Rauchnudeln

Wir haben ja hier schon öfter über unsere Liebe zur Aubergine geschrieben. Über das Sommergemüse, das so oft falsch zubereitet wird und den geneigten Esser dann mit seiner Gummihaftigkeit im schlimmsten Fall für immer verschreckt. Wir haben sie a funghetto gemacht und sie in Tortelli versteckt, im Ganzen gefüllt und in Miniaturform verarbeitet. Weil sie so vielseitig ist und in so vielen Erscheinungsformen daherkommt, hört unsere Begeisterung für diese Frucht wohl niemals auf.

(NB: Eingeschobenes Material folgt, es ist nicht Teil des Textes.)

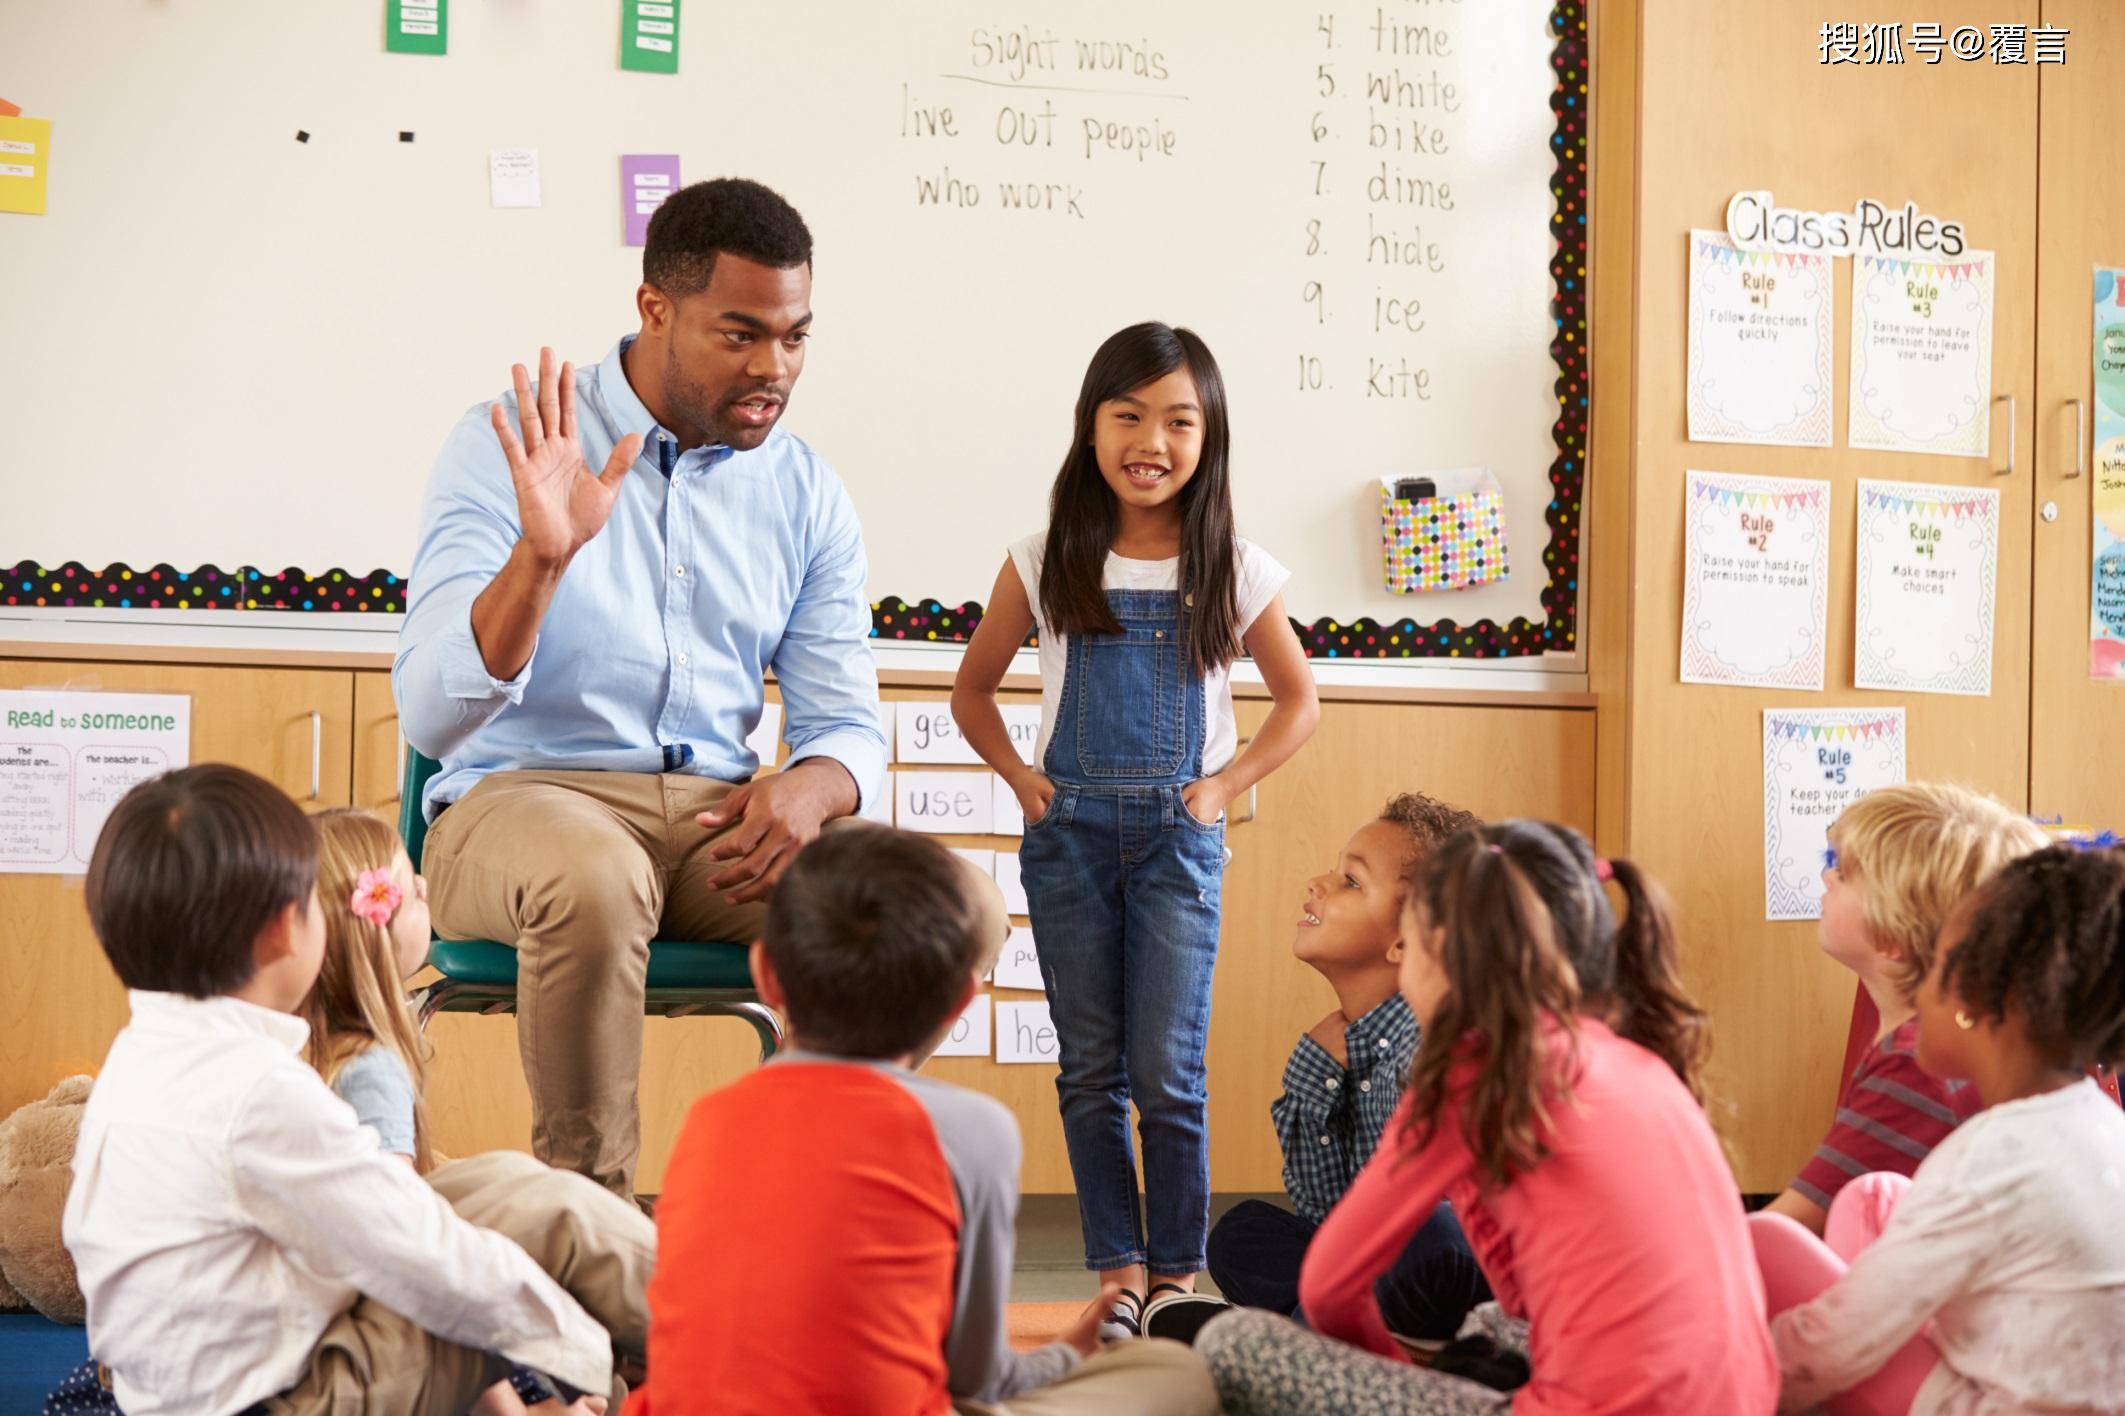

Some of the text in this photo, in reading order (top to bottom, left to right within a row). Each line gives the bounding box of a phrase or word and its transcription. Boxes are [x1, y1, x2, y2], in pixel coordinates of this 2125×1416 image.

Und weil sie gerade Hochsaison hat, gibt es sie derzeit besonders oft.

Eine der schönsten Arten sie zuzubereiten, ist die des intensiven Räucherns bzw. Verbrennens auf offener Flamme. Sie entwickelt dadurch einen Geschmack, den man am ehesten noch mit lang Gegrilltem auf Holzkohle oder mit intensiv geräuchertem Scamorza vergleichen könnte. Es ist jedes Mal unglaublich, was sich innerhalb der verbrannte Schale für Aromen bilden.

Man legt dazu die ganze Frucht (die man vorher ein bisschen mit einem Messer einstechen sollte, damit sie nicht platzt) auf die stark brennende Flamme des Gasherds und wartet erstmal ab. Nach einigen Minuten beginnt die Küche nach einer Mischung aus Lagerfeuer und Räucherei zu duften und die Schale der Aubergine verfärbt sich von lila in ein tiefes Schwarz.

Jetzt dreht man sie ein bisschen und wartet wieder, dann wieder drehen und immer schön brennen lassen. Wenn die gesamte Frucht nach ungefähr 20 Minuten (je nach Größe dauert es auch länger) komplett in sich zusammengefallen ist und richtig verbrannt aussieht, hat man sein Ziel erreicht. Trotzdem sollte man sie auch dann noch etwas länger liegen lassen. Denn wir erinnern uns: der größte Fehler, den man einer Aubergine antun kann, ist, sie zu kurz zu garen. Sie muss weich sein, wie Butter, wie ein Brotaufstrich und schon komplett zerlaufen.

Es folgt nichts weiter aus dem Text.